The “Intermediaries’ Legislation”, commonly known as IR35, was first introduced twenty years ago to counter perceived tax avoidance where independent contractors provided services to end users through an intermediary (typically, a personal service company or a partnership/LLP). IR35 essentially triggers a PAYE and national insurance cost when an otherwise independent contractor is deemed to be employed by the end client.
The new rules, which will be effective from 6 April 2021, will impact contractors working through a Personal Service Company (PSC); partnerships/LLPs; recruitment agencies and all large and medium-sized private sector end clients.
The onus to assess whether the relationship between the contractor and the end client is one of de facto employment currently lies with the PSC, apart from contracts with the public sector. Since 2017, public sector clients have become responsible for considering whether the contractor, or rather the contract, is caught by IR35. The burden of assessing the employment status of contractors is due to extend to the private sector, from this April.

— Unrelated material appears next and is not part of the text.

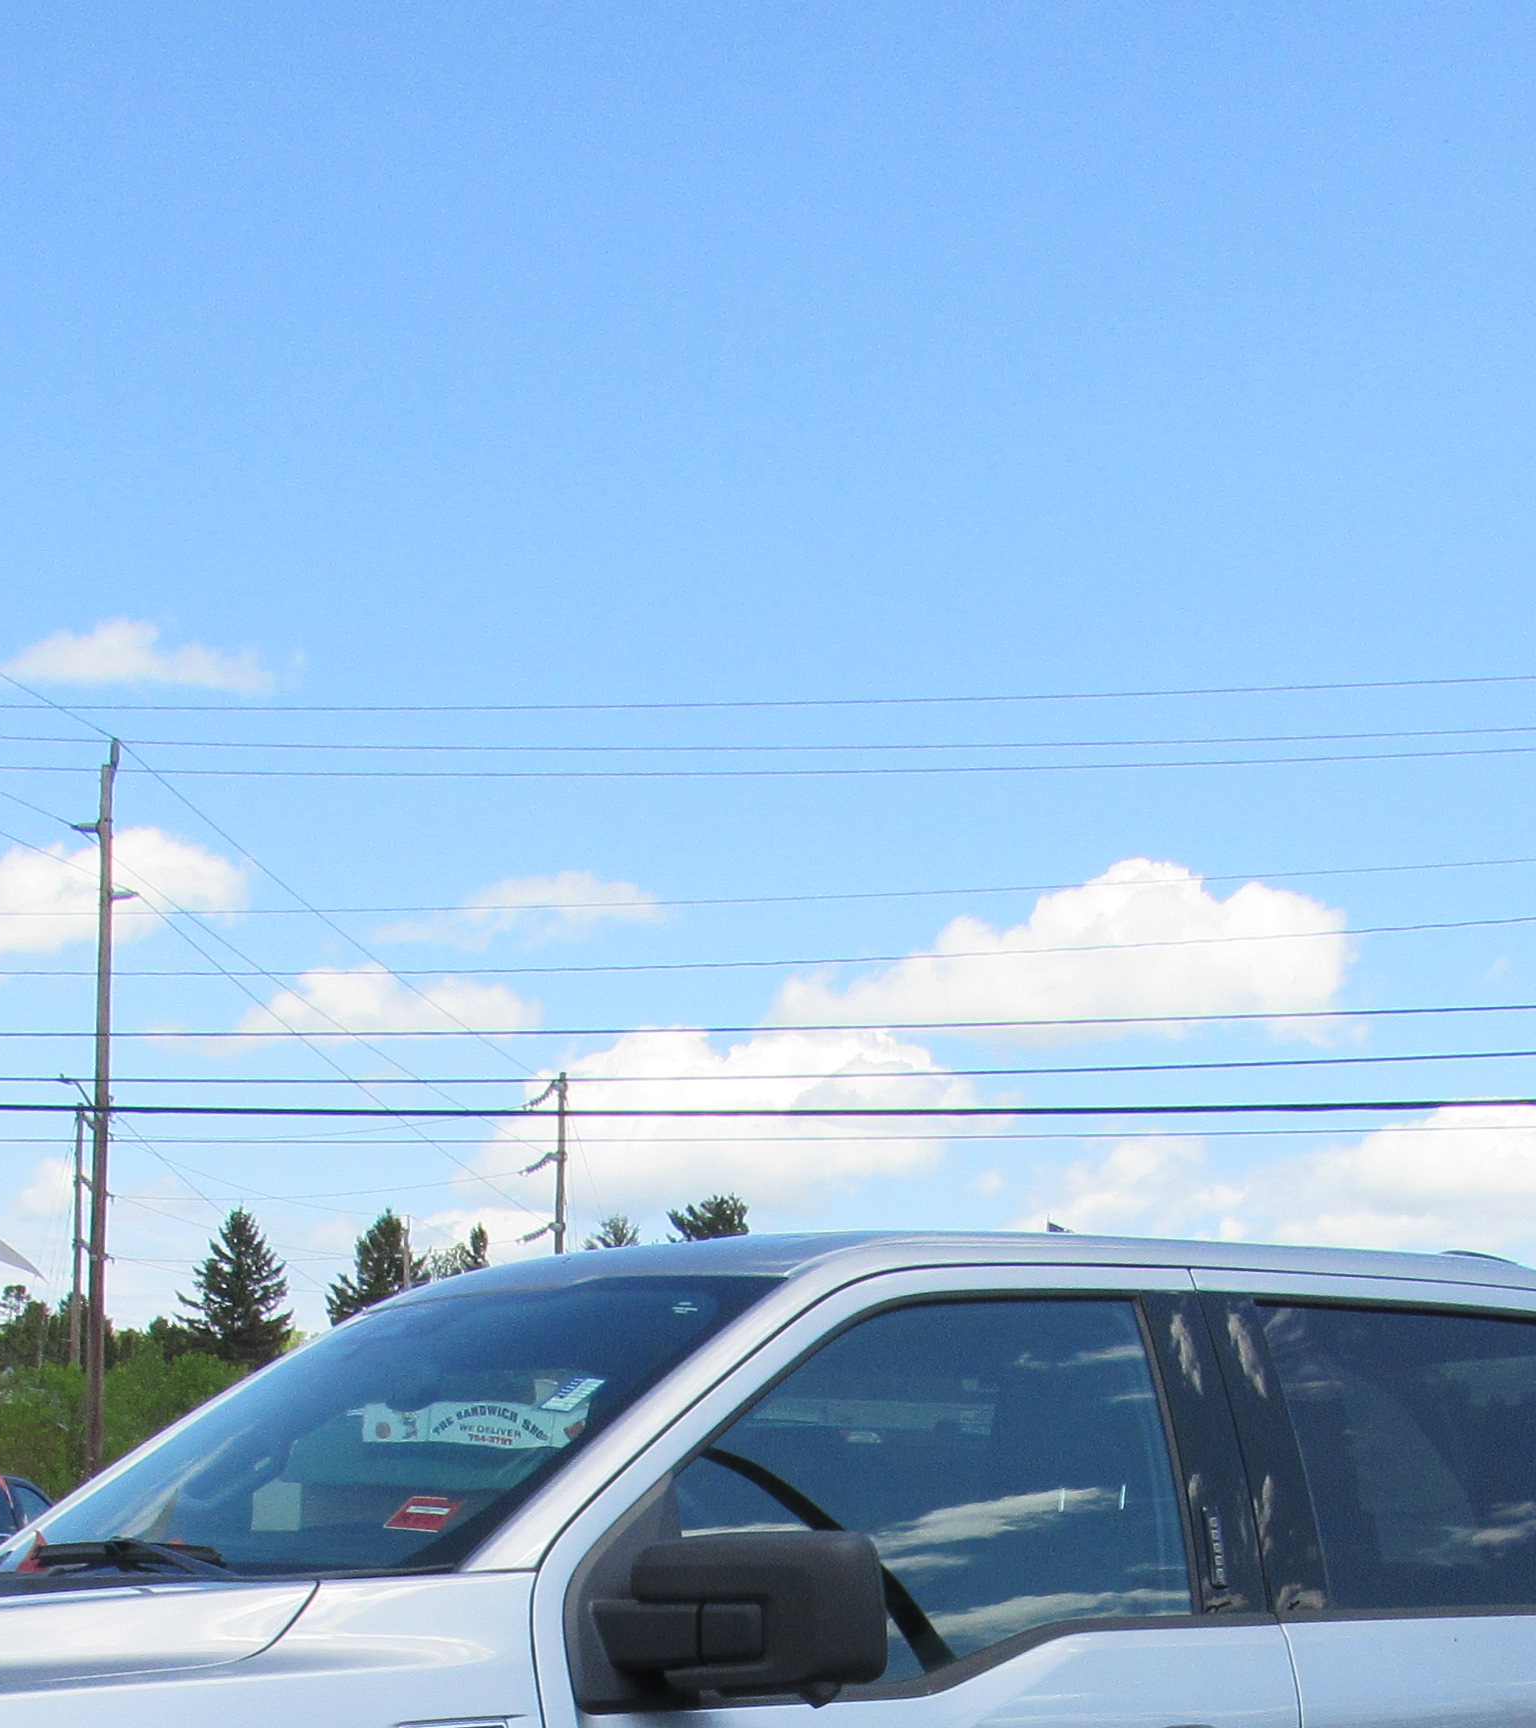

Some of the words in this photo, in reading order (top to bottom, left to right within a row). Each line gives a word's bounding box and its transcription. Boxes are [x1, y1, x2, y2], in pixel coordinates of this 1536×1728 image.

[432, 1416, 454, 1435] THE
[457, 1406, 517, 1423] SANDWICH
[477, 1426, 521, 1438] DELIVER

The Government continues to believe that it is right to address the “fundamental unfairness” of non-compliance with the existing off-payroll working rules, but it also recognises that the reforms would be a significant change for both businesses and contractors. This is the reason it was postponed to April 2021 as, due to Covid-19, many were at risk of losing work with no pay.
This delay has also given HMRC time to improve guidance together with the online “CEST tool” (intended to check employment status) which last year was causing some confusion for many business owners who may be affected by the changes.
We must stress that the changes being introduced are to move the responsibility of establishing employment status from the PCS to the end-user client, and that existing IR35 legislation remains. Due care and attention should always be taken by contractors operating through an intermediary/PSC to make sure they are still not caught by the rules.
To sum up, from 6 April 2021 if a worker provides a service to a client in the private sector, the worker’s employment status and the decision as to whether or not the rules apply will be for the business to decide. All public sector authorities, medium and large- sized private sector clients will be responsible for deciding if the rules apply.